ASSIGNMENT: Give all of the records again precisely, excluding whatever pictures they contain.
=== DATA UNDER STUDY ===
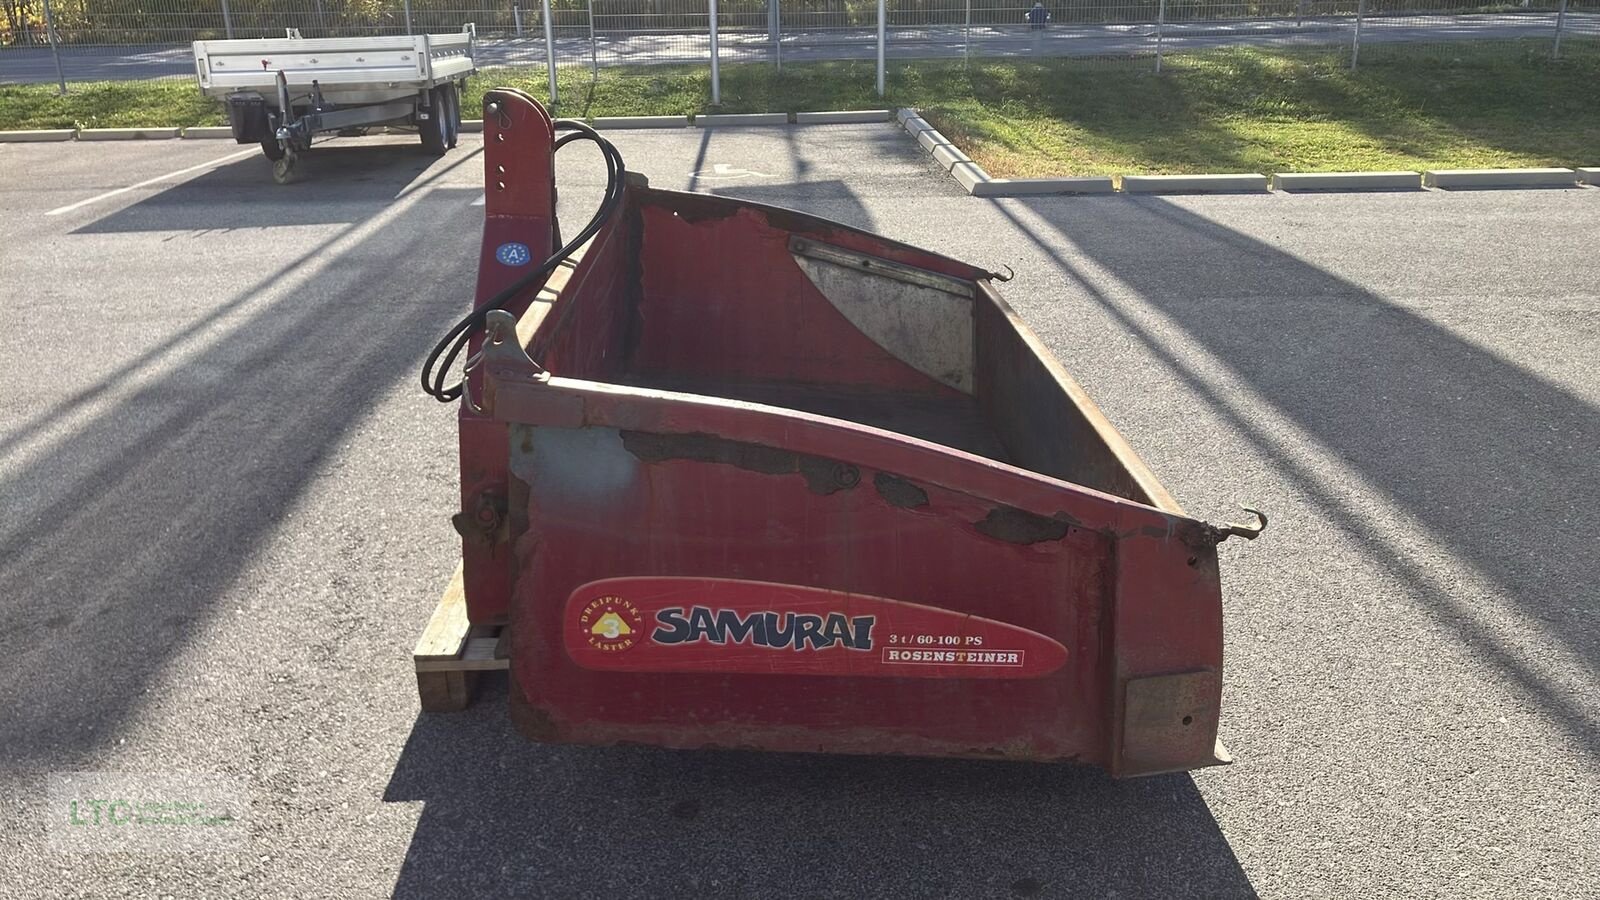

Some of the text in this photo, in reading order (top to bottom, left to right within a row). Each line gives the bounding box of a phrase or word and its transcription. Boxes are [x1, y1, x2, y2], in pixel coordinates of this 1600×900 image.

[508, 248, 519, 259] A
[581, 596, 642, 623] DREIPUNKT
[602, 617, 620, 639] 3
[651, 605, 876, 651] SAMURAI
[588, 636, 632, 651] LASTER
[889, 634, 898, 644] 3
[917, 635, 961, 646] 60-100
[965, 636, 983, 646] PS
[888, 650, 1018, 663] ROSENSTEINER
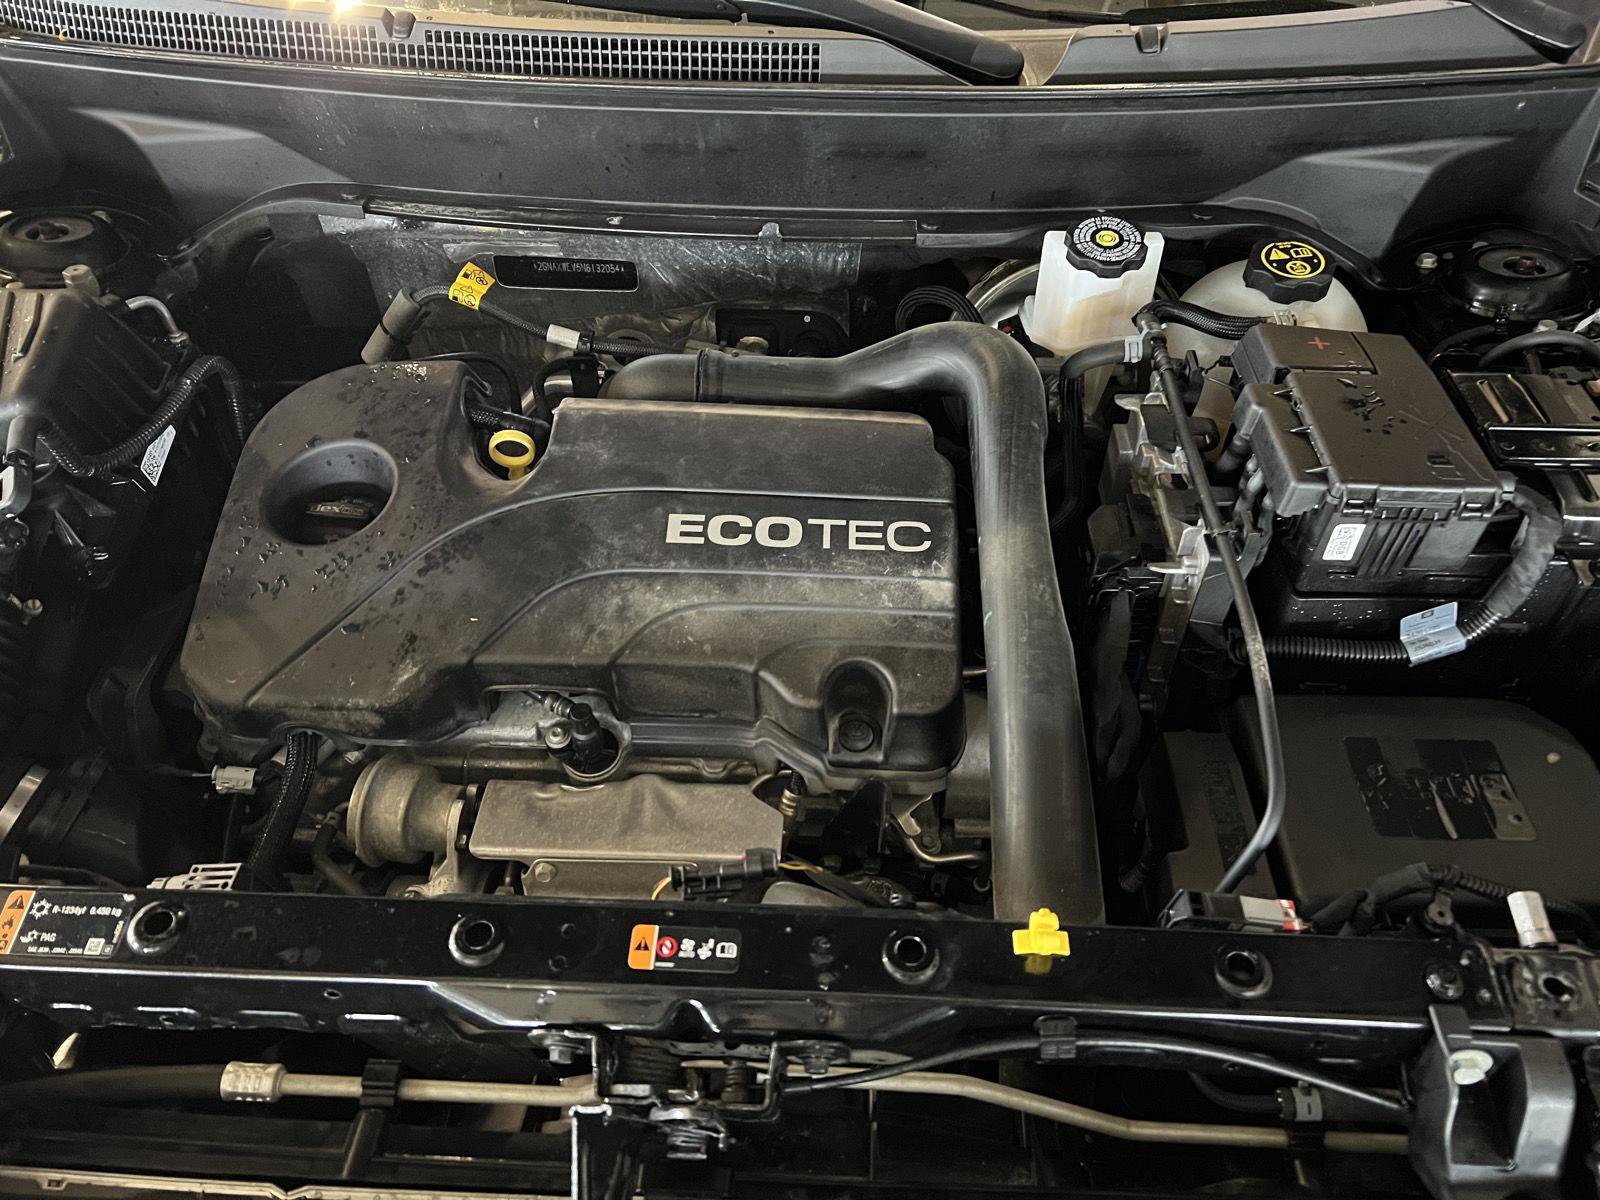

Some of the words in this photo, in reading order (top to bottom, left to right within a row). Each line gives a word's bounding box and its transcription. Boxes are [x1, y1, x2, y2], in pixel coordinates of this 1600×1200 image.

[665, 513, 932, 552] ECOTEC
[52, 904, 87, 916] R-1234yf
[40, 932, 57, 942] PAG
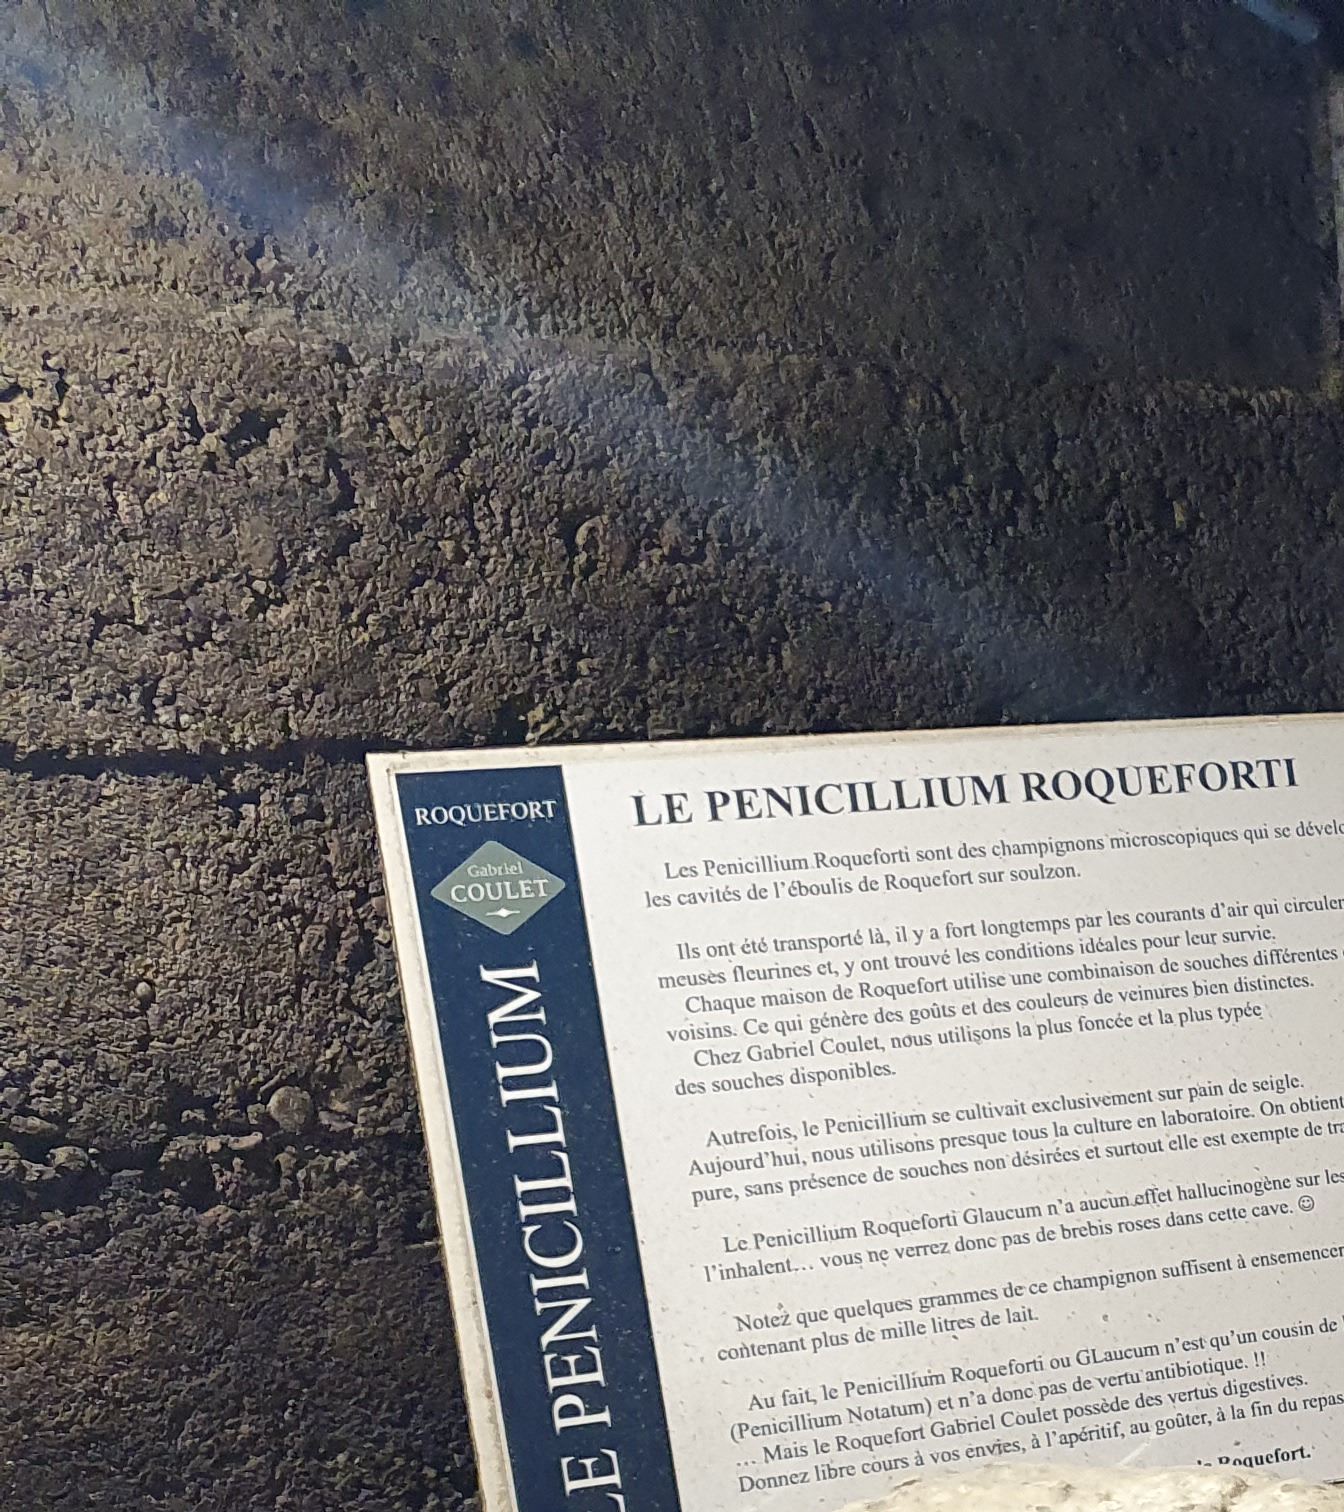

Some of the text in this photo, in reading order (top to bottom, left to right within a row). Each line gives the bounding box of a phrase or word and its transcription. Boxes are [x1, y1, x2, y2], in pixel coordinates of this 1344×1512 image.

[415, 799, 556, 827] ROQUEFORT
[629, 757, 1299, 827] LE PENICILLIUM ROQUEFORTI
[467, 861, 523, 878] Gabriel
[663, 861, 699, 880] Les
[701, 853, 810, 877] Penicillium
[812, 845, 911, 872] Roqueforti
[915, 845, 954, 863] sont
[956, 841, 987, 859] des
[990, 835, 1105, 863] champignons
[1108, 826, 1239, 850] microscopiques
[1242, 822, 1270, 845] qui
[1273, 825, 1292, 839] se
[450, 879, 549, 903] COULET
[643, 862, 1081, 908] les cavités de l’éboulis de Roquefort sur soulzon.
[657, 923, 1276, 989] meuses fleurines et, y ont trouvé les conditions idéales pour leur survie.
[684, 994, 757, 1015] Chaque
[760, 986, 828, 1008] maison
[831, 982, 854, 1001] de
[857, 975, 949, 1001] Roquefort
[952, 970, 1007, 991] utilise
[1008, 971, 1043, 986] une
[1046, 959, 1155, 984] combinaison
[1158, 956, 1180, 974] de
[1182, 951, 1249, 972] souches
[1252, 946, 1339, 967] différentes
[692, 1000, 1264, 1067] Chez Gabriel Coulet, nous utilisons la plus foncée et la plus typée
[673, 1059, 897, 1096] des souches disponibles.
[705, 1072, 1305, 1148] Autrefois, le Penicillium se cultivait exclusivement sur pain de seigle.
[690, 1186, 740, 1208] pure,
[743, 1180, 784, 1198] sans
[787, 1171, 868, 1197] présence
[871, 1164, 895, 1183] de
[898, 1158, 969, 1181] souches
[972, 1156, 1007, 1172] non
[1010, 1145, 1081, 1168] désirées
[1083, 1140, 1102, 1160] et
[1104, 1137, 1165, 1158] surtout
[1166, 1131, 1199, 1152] elle
[1201, 1132, 1227, 1148] est
[1229, 1125, 1300, 1145] exempte
[1302, 1120, 1323, 1137] de
[479, 960, 612, 1436] PENICILLIUM
[733, 1307, 792, 1333] Notez
[795, 1308, 830, 1329] que
[833, 1297, 914, 1324] quelques
[917, 1287, 999, 1314] grammes
[1001, 1280, 1027, 1299] de
[1027, 1281, 1049, 1296] ce
[1052, 1268, 1158, 1292] champignon
[1160, 1257, 1234, 1279] suffisent
[1236, 1252, 1247, 1270] à
[716, 1304, 1039, 1362] contenant plus de mille litres de lait.
[747, 1393, 776, 1412] Au
[780, 1386, 818, 1407] fait,
[820, 1383, 839, 1401] le
[842, 1368, 947, 1398] Penicillium
[949, 1354, 1045, 1384] Roqueforti
[1048, 1355, 1072, 1370] ou
[1163, 1335, 1207, 1355] n’est
[1208, 1329, 1258, 1352] qu’un
[1260, 1319, 1315, 1341] cousin
[1317, 1316, 1338, 1334] de
[761, 1440, 809, 1464] Mais
[812, 1437, 831, 1456] le
[834, 1423, 926, 1453] Roquefort
[929, 1412, 996, 1438] Gabriel
[999, 1405, 1059, 1428] Coulet
[1061, 1394, 1131, 1424] possède
[1133, 1391, 1164, 1409] des
[1166, 1380, 1219, 1404] vertus
[1221, 1373, 1308, 1399] digestives.
===
RESPONSE AREA:
Some of the text in this photo, in reading order (top to bottom, left to right within a row). Each line gives the bounding box of a phrase or word and its transcription. Boxes are [x1, y1, x2, y2], in pixel coordinates of this 1600×900 image.

[508, 248, 519, 259] A
[581, 596, 642, 623] DREIPUNKT
[602, 617, 620, 639] 3
[651, 605, 876, 651] SAMURAI
[588, 636, 632, 651] LASTER
[889, 634, 898, 644] 3
[917, 635, 961, 646] 60-100
[965, 636, 983, 646] PS
[888, 650, 1018, 663] ROSENSTEINER

Some of the words in this photo, in reading order (top to bottom, left to right within a row). Each line gives a word's bounding box and its transcription. Boxes are [x1, y1, x2, y2], in pixel coordinates of this 1600×1200 image.

[665, 513, 932, 552] ECOTEC
[52, 904, 87, 916] R-1234yf
[40, 932, 57, 942] PAG

Some of the text in this photo, in reading order (top to bottom, left to right within a row). Each line gives the bounding box of a phrase or word and its transcription. Boxes are [x1, y1, x2, y2], in pixel coordinates of this 1344×1512 image.

[415, 799, 556, 827] ROQUEFORT
[629, 757, 1299, 827] LE PENICILLIUM ROQUEFORTI
[467, 861, 523, 878] Gabriel
[663, 861, 699, 880] Les
[701, 853, 810, 877] Penicillium
[812, 845, 911, 872] Roqueforti
[915, 845, 954, 863] sont
[956, 841, 987, 859] des
[990, 835, 1105, 863] champignons
[1108, 826, 1239, 850] microscopiques
[1242, 822, 1270, 845] qui
[1273, 825, 1292, 839] se
[450, 879, 549, 903] COULET
[643, 862, 1081, 908] les cavités de l’éboulis de Roquefort sur soulzon.
[657, 923, 1276, 989] meuses fleurines et, y ont trouvé les conditions idéales pour leur survie.
[684, 994, 757, 1015] Chaque
[760, 986, 828, 1008] maison
[831, 982, 854, 1001] de
[857, 975, 949, 1001] Roquefort
[952, 970, 1007, 991] utilise
[1008, 971, 1043, 986] une
[1046, 959, 1155, 984] combinaison
[1158, 956, 1180, 974] de
[1182, 951, 1249, 972] souches
[1252, 946, 1339, 967] différentes
[692, 1000, 1264, 1067] Chez Gabriel Coulet, nous utilisons la plus foncée et la plus typée
[673, 1059, 897, 1096] des souches disponibles.
[705, 1072, 1305, 1148] Autrefois, le Penicillium se cultivait exclusivement sur pain de seigle.
[690, 1186, 740, 1208] pure,
[743, 1180, 784, 1198] sans
[787, 1171, 868, 1197] présence
[871, 1164, 895, 1183] de
[898, 1158, 969, 1181] souches
[972, 1156, 1007, 1172] non
[1010, 1145, 1081, 1168] désirées
[1083, 1140, 1102, 1160] et
[1104, 1137, 1165, 1158] surtout
[1166, 1131, 1199, 1152] elle
[1201, 1132, 1227, 1148] est
[1229, 1125, 1300, 1145] exempte
[1302, 1120, 1323, 1137] de
[479, 960, 612, 1436] PENICILLIUM
[733, 1307, 792, 1333] Notez
[795, 1308, 830, 1329] que
[833, 1297, 914, 1324] quelques
[917, 1287, 999, 1314] grammes
[1001, 1280, 1027, 1299] de
[1027, 1281, 1049, 1296] ce
[1052, 1268, 1158, 1292] champignon
[1160, 1257, 1234, 1279] suffisent
[1236, 1252, 1247, 1270] à
[716, 1304, 1039, 1362] contenant plus de mille litres de lait.
[747, 1393, 776, 1412] Au
[780, 1386, 818, 1407] fait,
[820, 1383, 839, 1401] le
[842, 1368, 947, 1398] Penicillium
[949, 1354, 1045, 1384] Roqueforti
[1048, 1355, 1072, 1370] ou
[1163, 1335, 1207, 1355] n’est
[1208, 1329, 1258, 1352] qu’un
[1260, 1319, 1315, 1341] cousin
[1317, 1316, 1338, 1334] de
[761, 1440, 809, 1464] Mais
[812, 1437, 831, 1456] le
[834, 1423, 926, 1453] Roquefort
[929, 1412, 996, 1438] Gabriel
[999, 1405, 1059, 1428] Coulet
[1061, 1394, 1131, 1424] possède
[1133, 1391, 1164, 1409] des
[1166, 1380, 1219, 1404] vertus
[1221, 1373, 1308, 1399] digestives.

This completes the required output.